_WORK ORDER_: All of the data should be output character for character, except the pictures.

-- EXTRACTED ENTRIES follows --

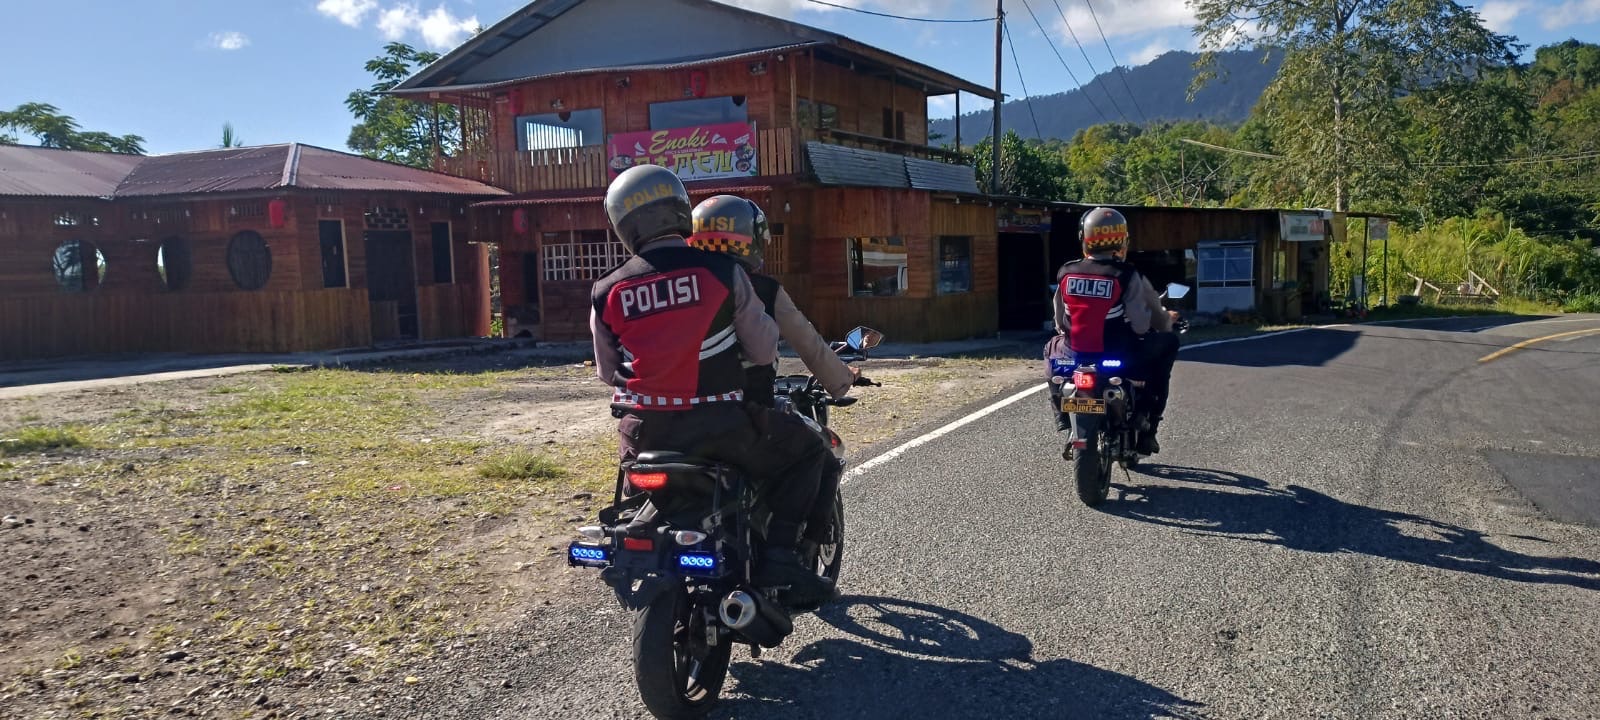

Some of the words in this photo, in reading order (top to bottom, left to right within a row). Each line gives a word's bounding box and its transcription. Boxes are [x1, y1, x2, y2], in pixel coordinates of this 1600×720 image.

[650, 128, 710, 155] Enoki
[623, 183, 673, 209] POLISI
[620, 275, 700, 317] POLISI
[1068, 279, 1111, 297] POLISI
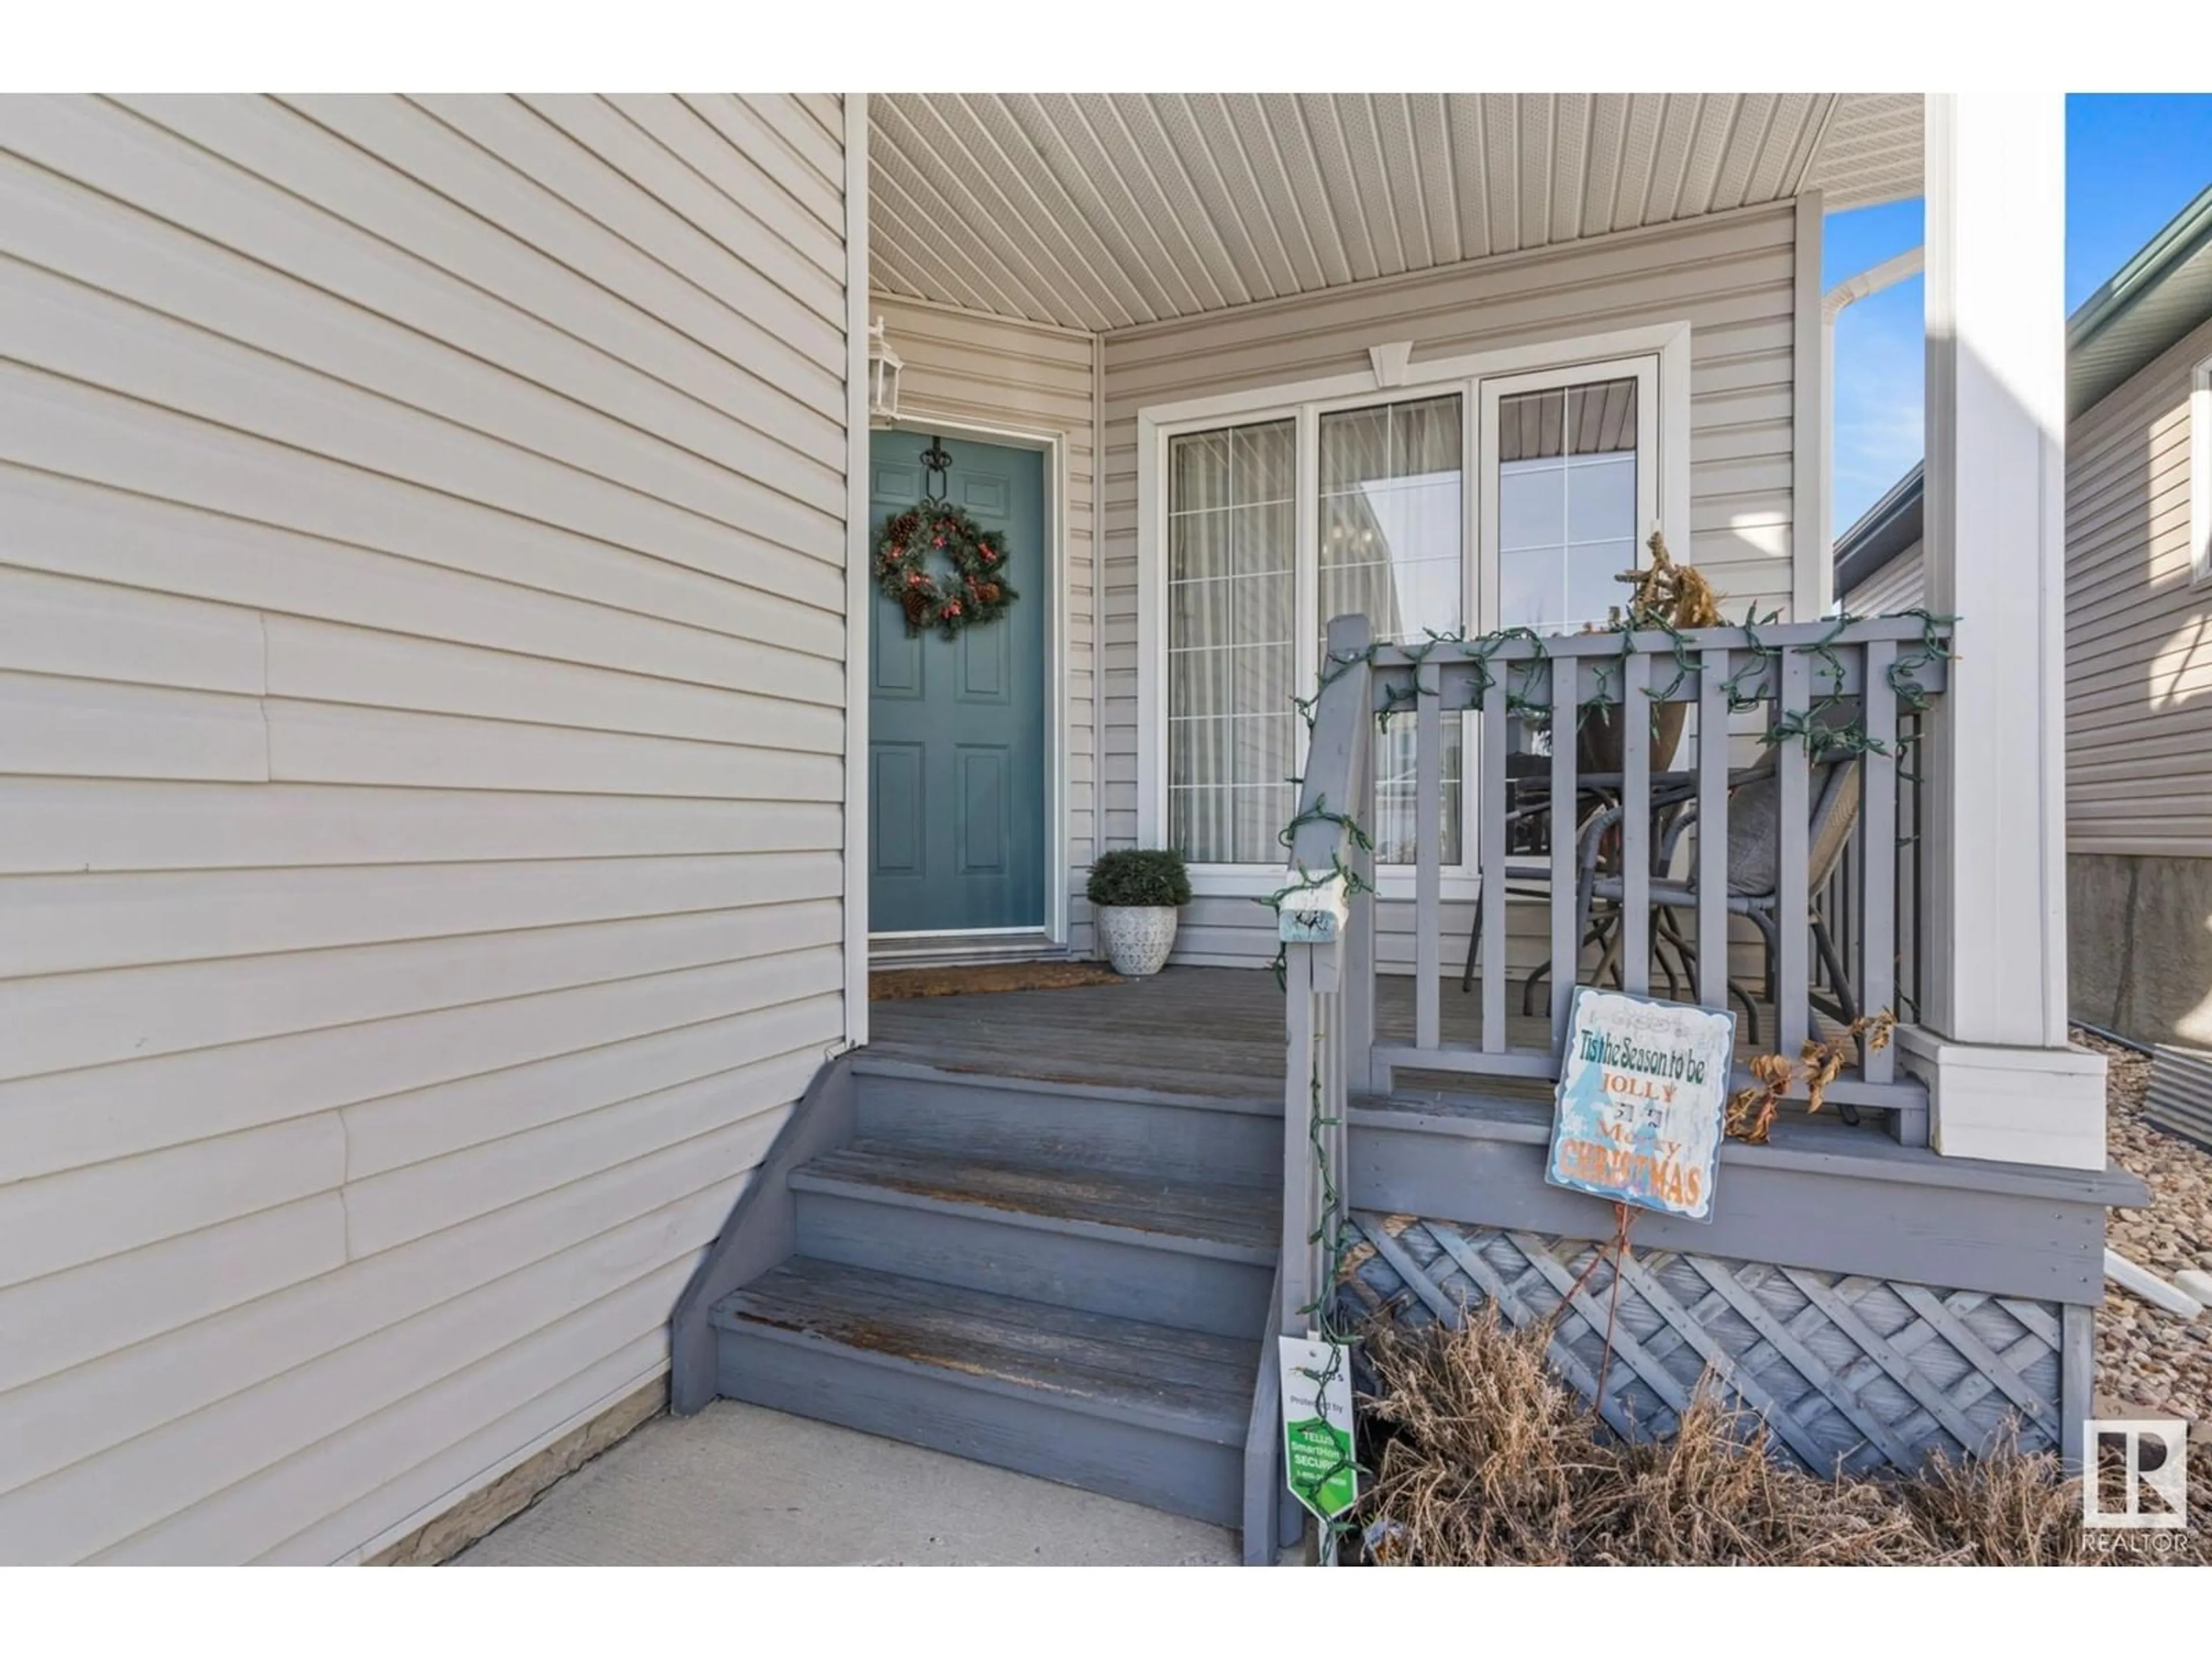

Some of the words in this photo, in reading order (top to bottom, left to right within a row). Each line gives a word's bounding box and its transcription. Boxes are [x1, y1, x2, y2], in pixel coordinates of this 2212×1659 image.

-- EXTRACTED ENTRIES concluded --

_ANSWER SECTION_:
Some of the words in this photo, in reading order (top to bottom, left to right within a row). Each line gives a word's bounding box and its transcription. Boxes are [x1, y1, x2, y2], in pixel coordinates of this 1600×720 image.

[650, 128, 710, 155] Enoki
[623, 183, 673, 209] POLISI
[620, 275, 700, 317] POLISI
[1068, 279, 1111, 297] POLISI

Some of the words in this photo, in reading order (top to bottom, left to right within a row). Each line gives a word's bounding box and its transcription. Boxes are [x1, y1, x2, y2], in pixel coordinates of this 2212×1659 image.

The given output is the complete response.